Thorpe Hesley
- Full name: Thorpe Hesley Football Club
- Dissolved: 1911

= Thorpe Hesley F.C. =

Thorpe Hesley F.C. were an English football club based in Thorpe Hesley, Rotherham, West Riding of Yorkshire.

== History ==
Thorpe Hesley were formed around the turn of the 20th century, initially joining the Hatchard League. They made their FA Cup debut in 1904, reaching the 2nd qualifying round, an achievement they equaled in 1906 (being disqualified after a replay with Hoyland Town). The club disbanded in 1911.

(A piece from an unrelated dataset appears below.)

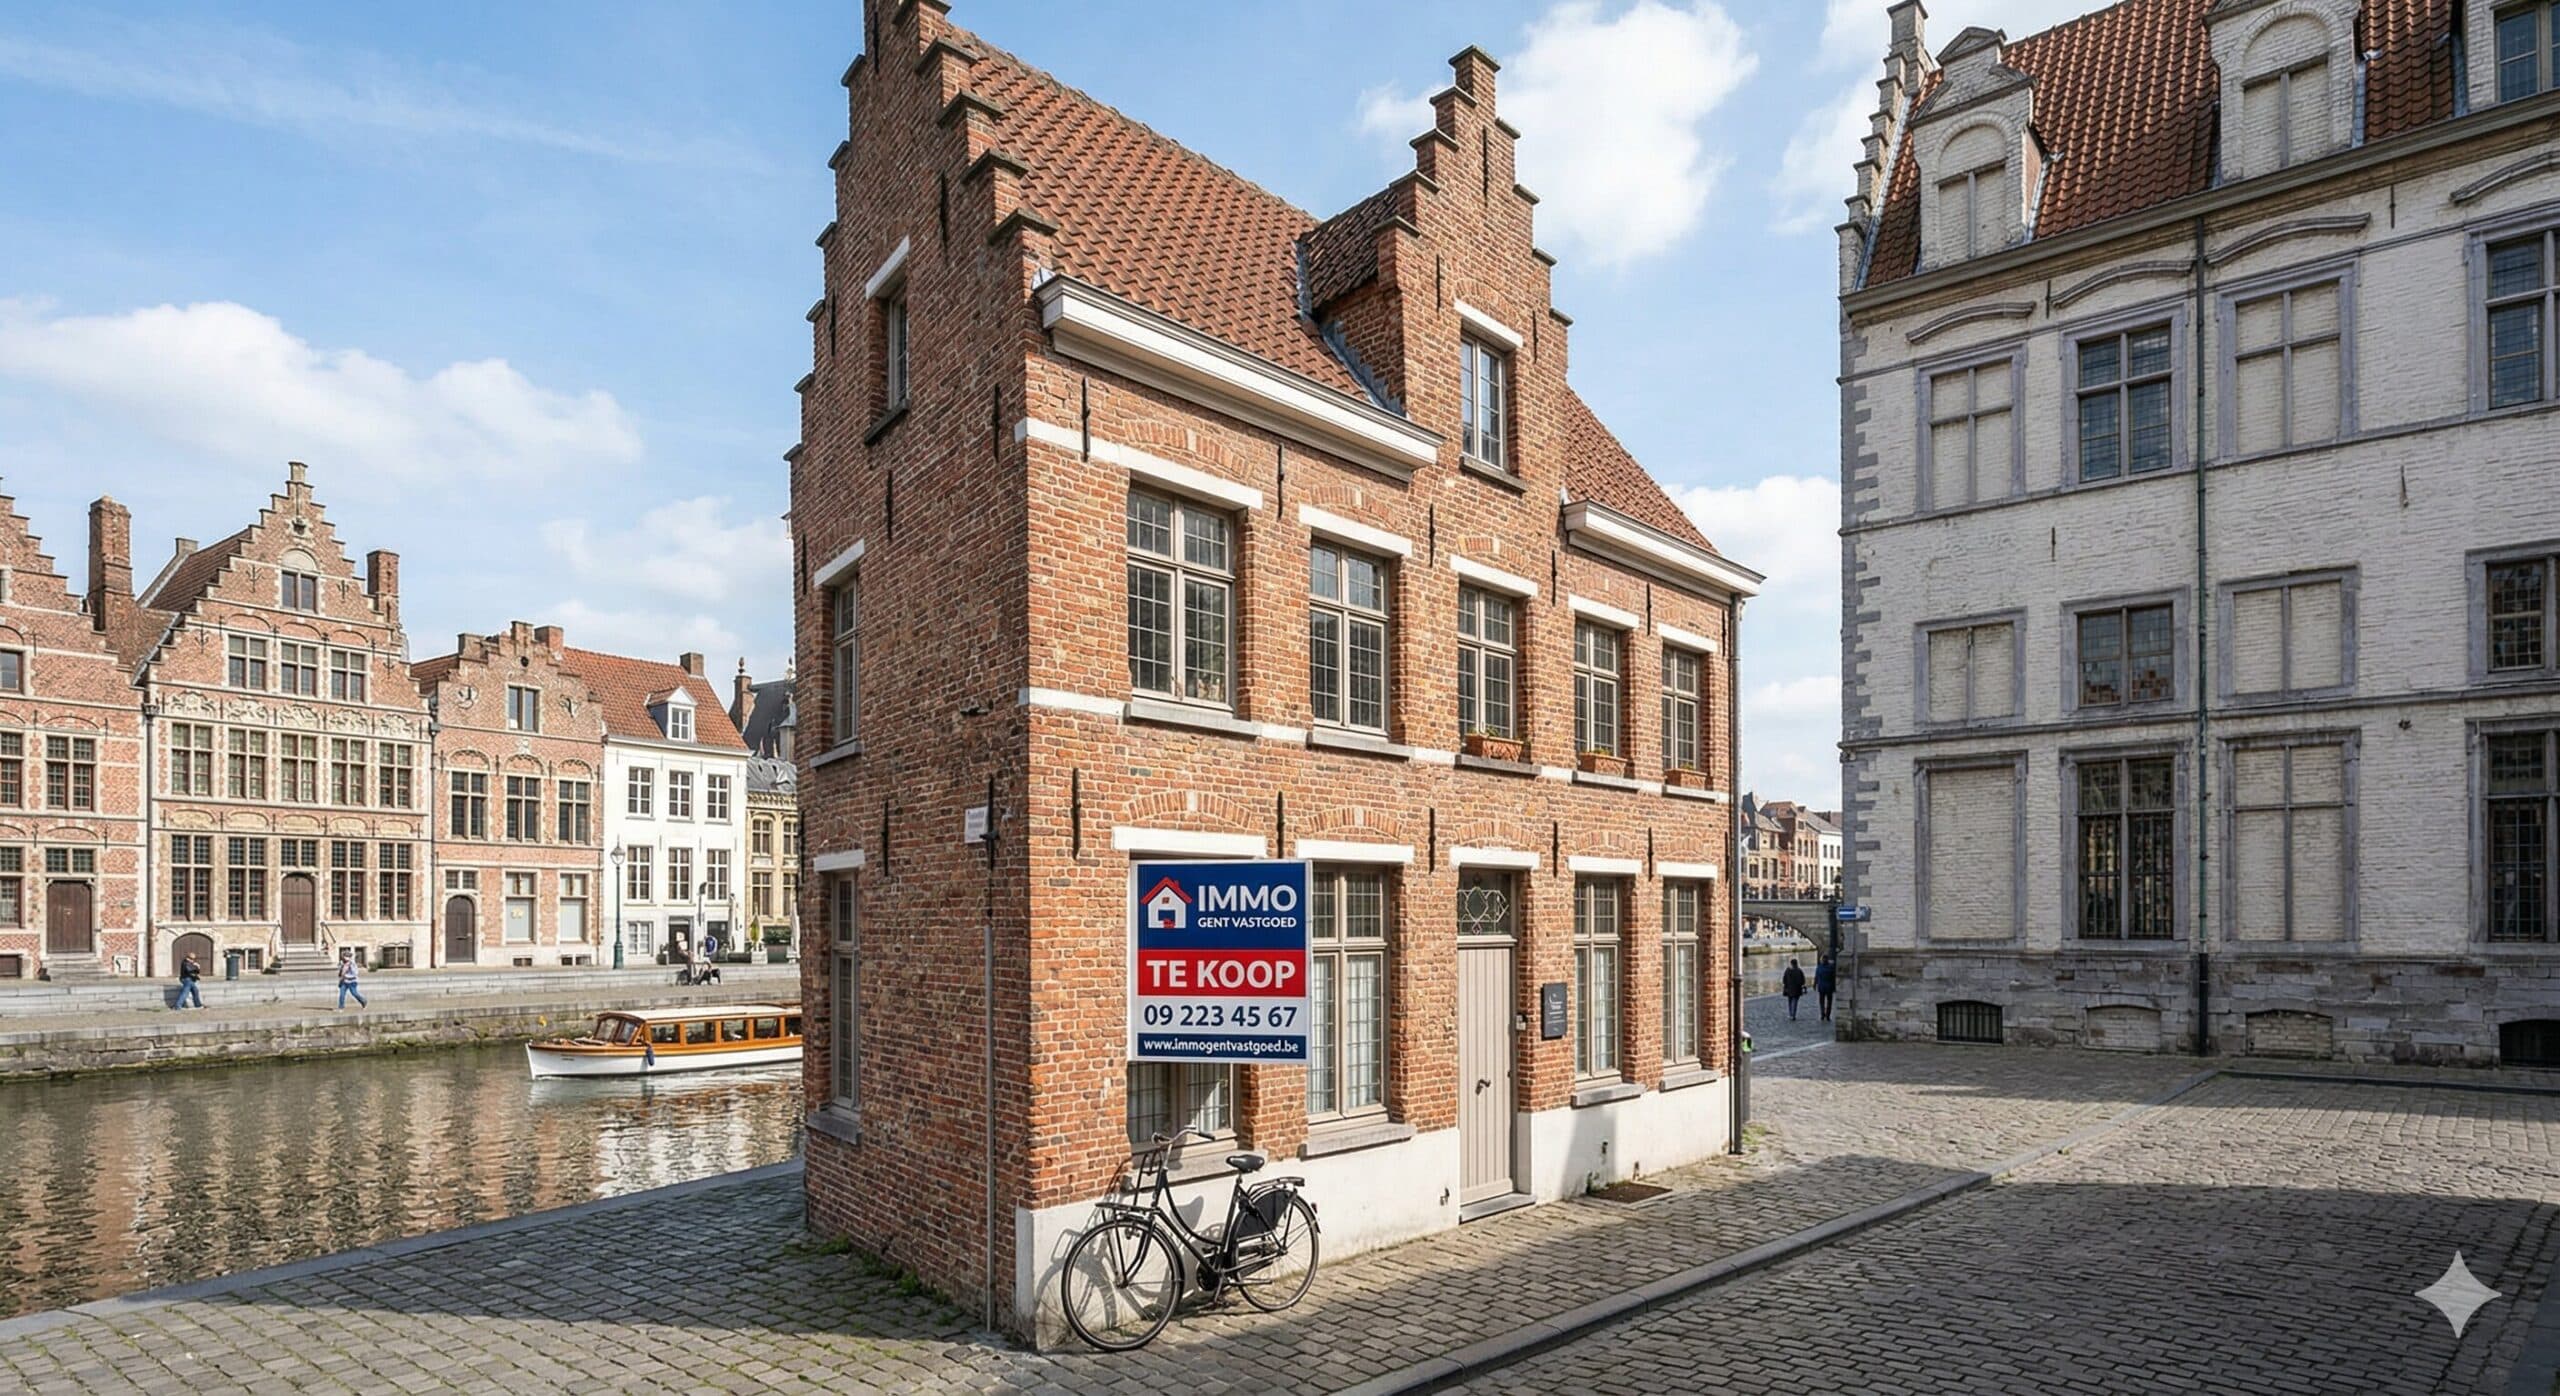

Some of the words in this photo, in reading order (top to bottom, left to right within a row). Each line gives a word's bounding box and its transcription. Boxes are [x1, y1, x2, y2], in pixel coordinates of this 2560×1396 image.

=== League and cup history===

Thorpe Hesley league and cup history
| Season | Division | Level | Position | FA Cup |
| 1902–03 | Hatchard League |  | ** | - |
| 1903–04 | Sheffield Association League |  | 7th/14 | - |
| 1904–05 | Hatchard League |  |  | 2nd qualifying round |
| 1905–06 | Hatchard League |  |  | 1st qualifying round |
| 1906–07 | Hatchard League |  | ** | 2nd qualifying round |
| 1907–08 | Hatchard League |  | * | preliminary round |
| 1908–09 | Hatchard League |  | * | 1st qualifying round |
| 1909–10 | Hatchard League |  |  | preliminary round |
| 1910–11 | Sheffield Minor League |  |  | preliminary round |

- League play-off winners
  - League play-off runners-up

=== Notable former players ===
Those who played in the Football League before or after playing for Thorpe Hesley include George Stacey, Bert Cook and Bernard Wilkinson.